Tale fase fu caratterizzata dall’affermazione della formula del «pentapartito» (governi di coalizione formati da DC, PSI, PRI, PLI e PSDI), con la quale si intese sancire il principio della «pari dignità» tra il partito di maggioranza relativa e l’insieme degli altri quattro, con conseguente alternanza nella direzione del Governo tra esponenti democristiani e non democristiani.

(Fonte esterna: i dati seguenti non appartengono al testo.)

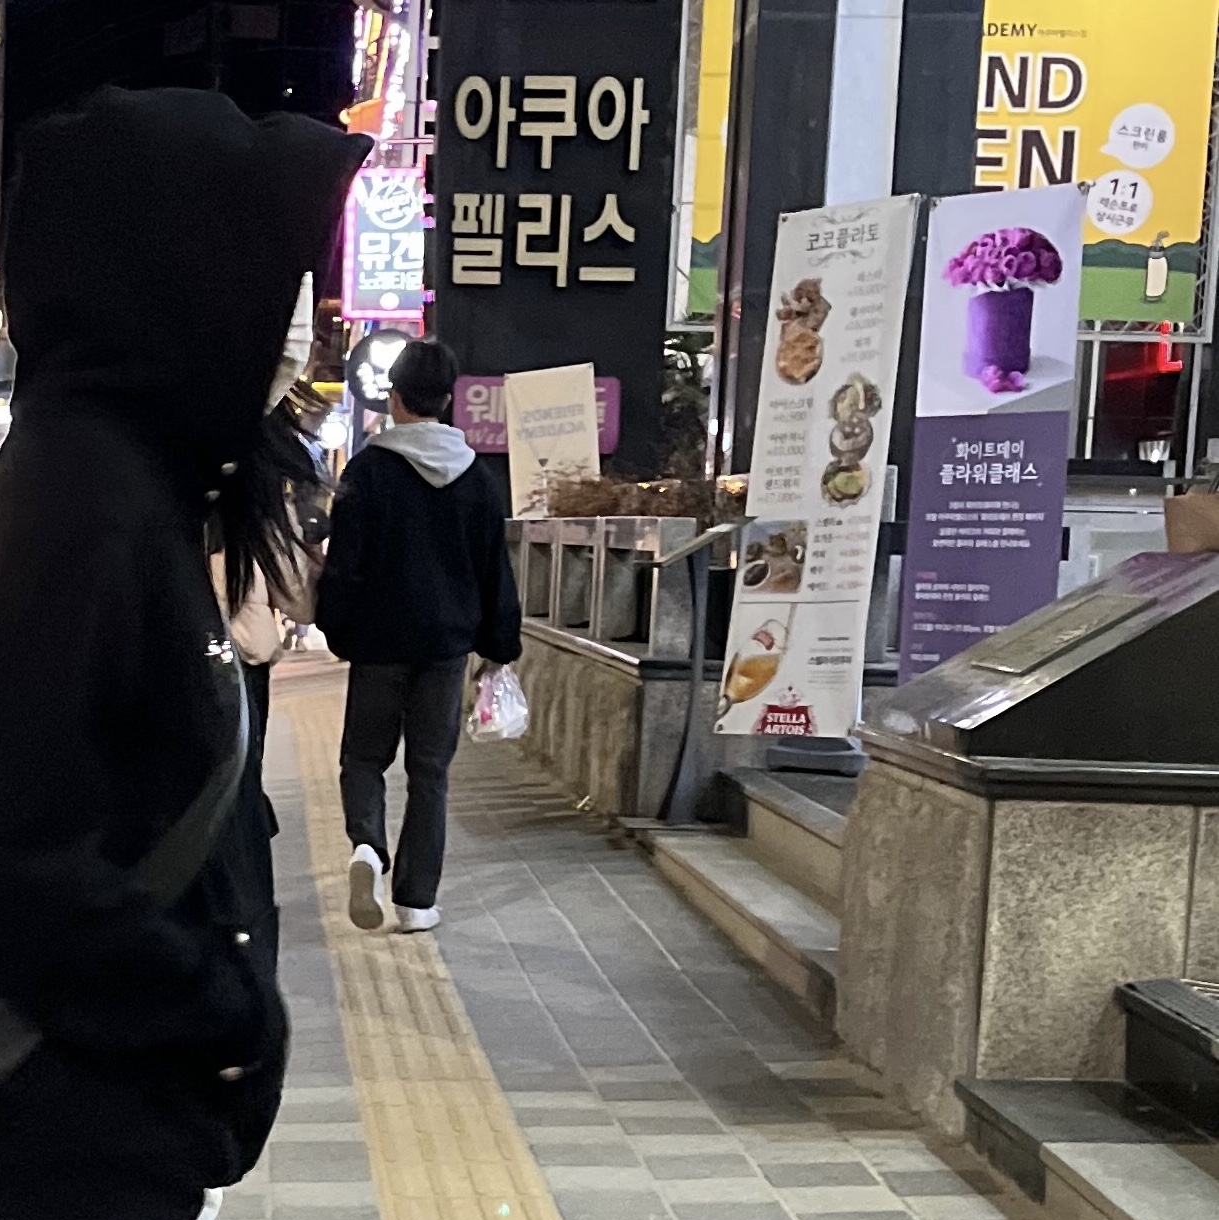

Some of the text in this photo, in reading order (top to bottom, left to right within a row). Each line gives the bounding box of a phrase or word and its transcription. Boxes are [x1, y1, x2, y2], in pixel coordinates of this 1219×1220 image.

Nella realtà, tale formula politica aveva lo scopo di superare lo schema tradizionale che vedeva la DC come guida effettiva della coalizione e di escludere in maniera decisa la possibilità di accordi tra questa e il PCI, garantendo al PSI un ruolo stabile e decisivo negli assetti di governo (ed infatti il suo segretario fu Presidente del Consiglio per quasi quattro anni consecutivamente: dall’agosto 1983 al marzo del 1987).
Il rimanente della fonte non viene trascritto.